Youri gagarine           Comme souvent, le public ne retiendra que la confusion. Il ne s’agit que de la viande rouge, et il ne s’agit pas de dire qu’il ne faut plus consommer de viande, puisque la viande a des apports positifs certains, mais d’avoir les données permettant de trouver le point d’équilibre entre les apports et les dégâts. On ne retiendra pas ça, on se contentera de dire que ces scientifiques sont des guignols et que les vegans nous les brisent. Su-per.

Lolo                               Je préfère manger de la viande que d’être maigre et blafard comme un végétalien.

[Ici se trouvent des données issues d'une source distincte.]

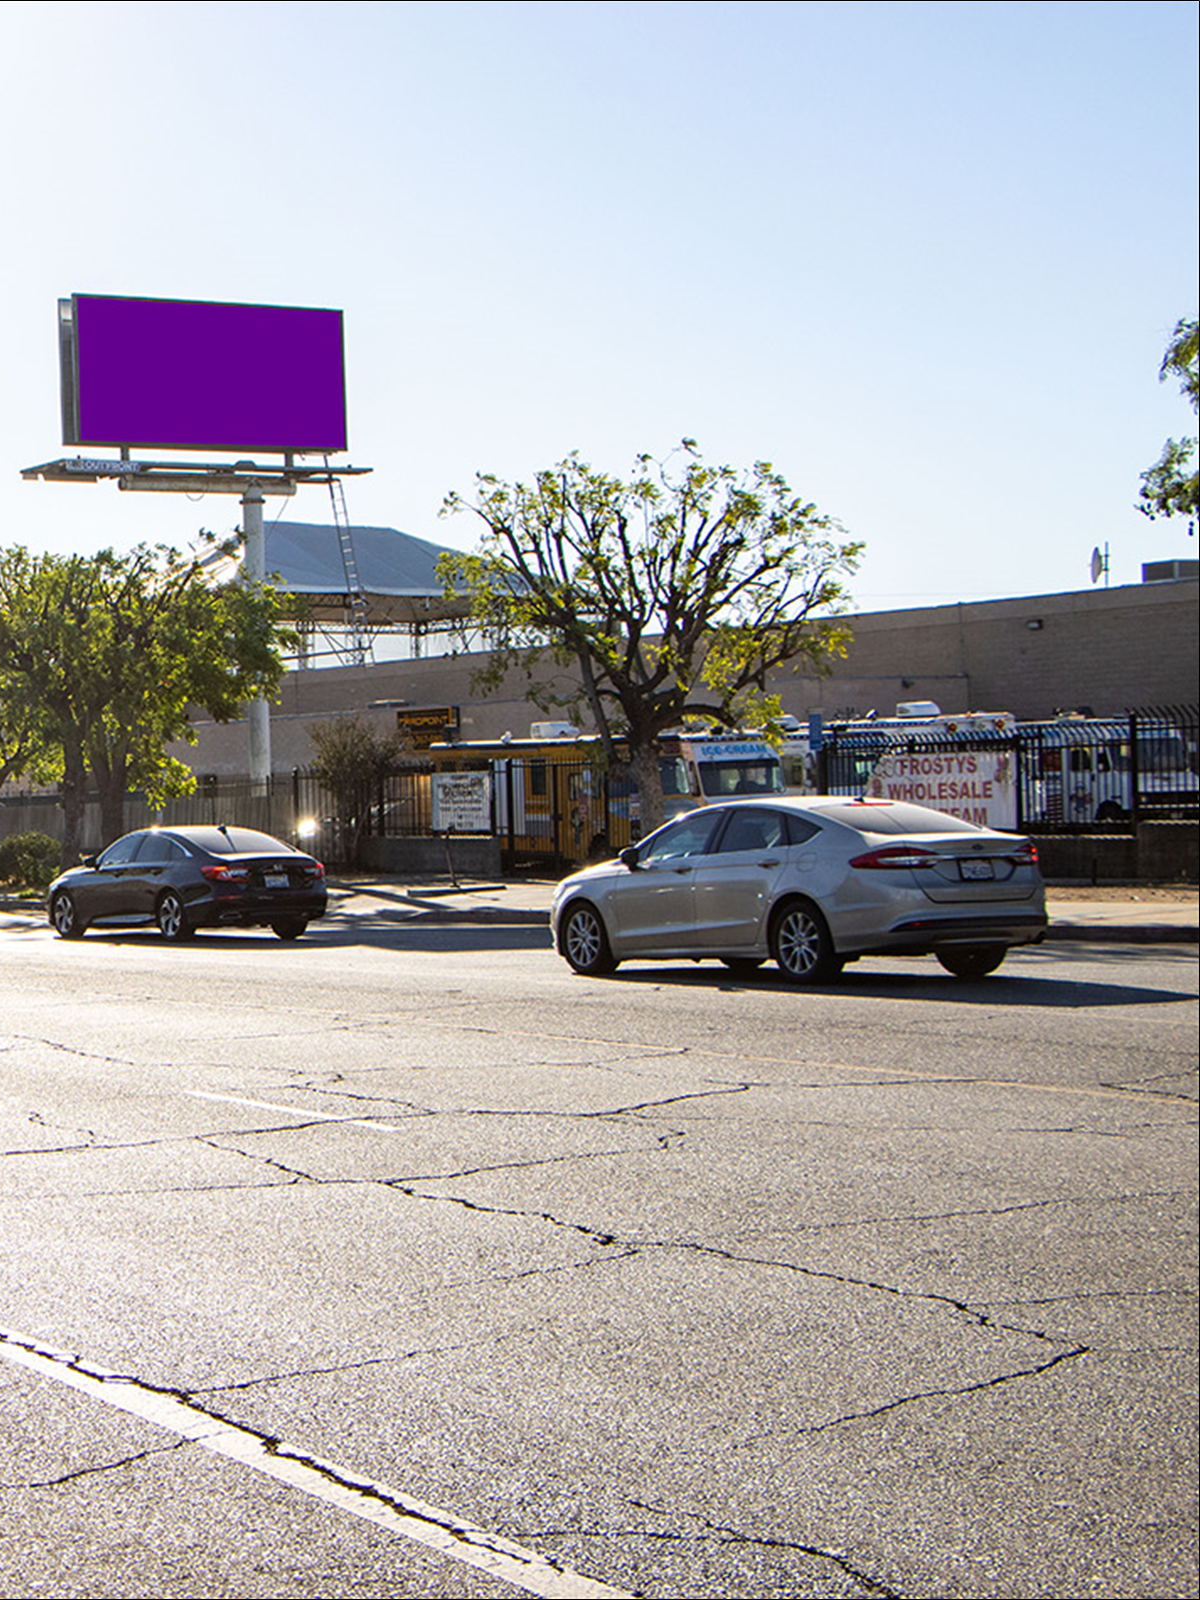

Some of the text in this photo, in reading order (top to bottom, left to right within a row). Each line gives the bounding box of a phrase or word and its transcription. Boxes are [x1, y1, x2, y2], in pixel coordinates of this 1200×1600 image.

[900, 756, 978, 776] FROSTYS
[887, 780, 993, 801] WHOLESALE
[939, 807, 988, 826] EAM

Robert Gros               Paraîtrait que vivre est dangereux pour la santé. Vivement une étude.

BuddyHead                 L’air que nous respirons, les vêtements que nous portons…et maintenant les saucisses ! Que j’aime notre monde!…

Corona                          La charcuterie c’est un mélange, et tous les mélanges  sont un mystère par ses ingrédients multiples …

pour la paix des peuples         c pas possible? j’adore tellement la viande rouge. c’est pas çà qui va m’empêcher d’en manger. un bon tournedos, je m’en lèche les babines

Ragnarocke             Y a déjà suffisamment d’emmerde dans ce monde alors venez pas nous casser les pieds avec vos histoire de cancer lié au saucisson.

delamaid                 Tout abus est dangereux, nous vivons de plus en plus vieux et en meilleure santé que nos parents, si nous suivons tout ce qui se dit la vie paraîtra bien longue

Ninkio                      Être vivant aussi c’est très grave…C’est même mortel!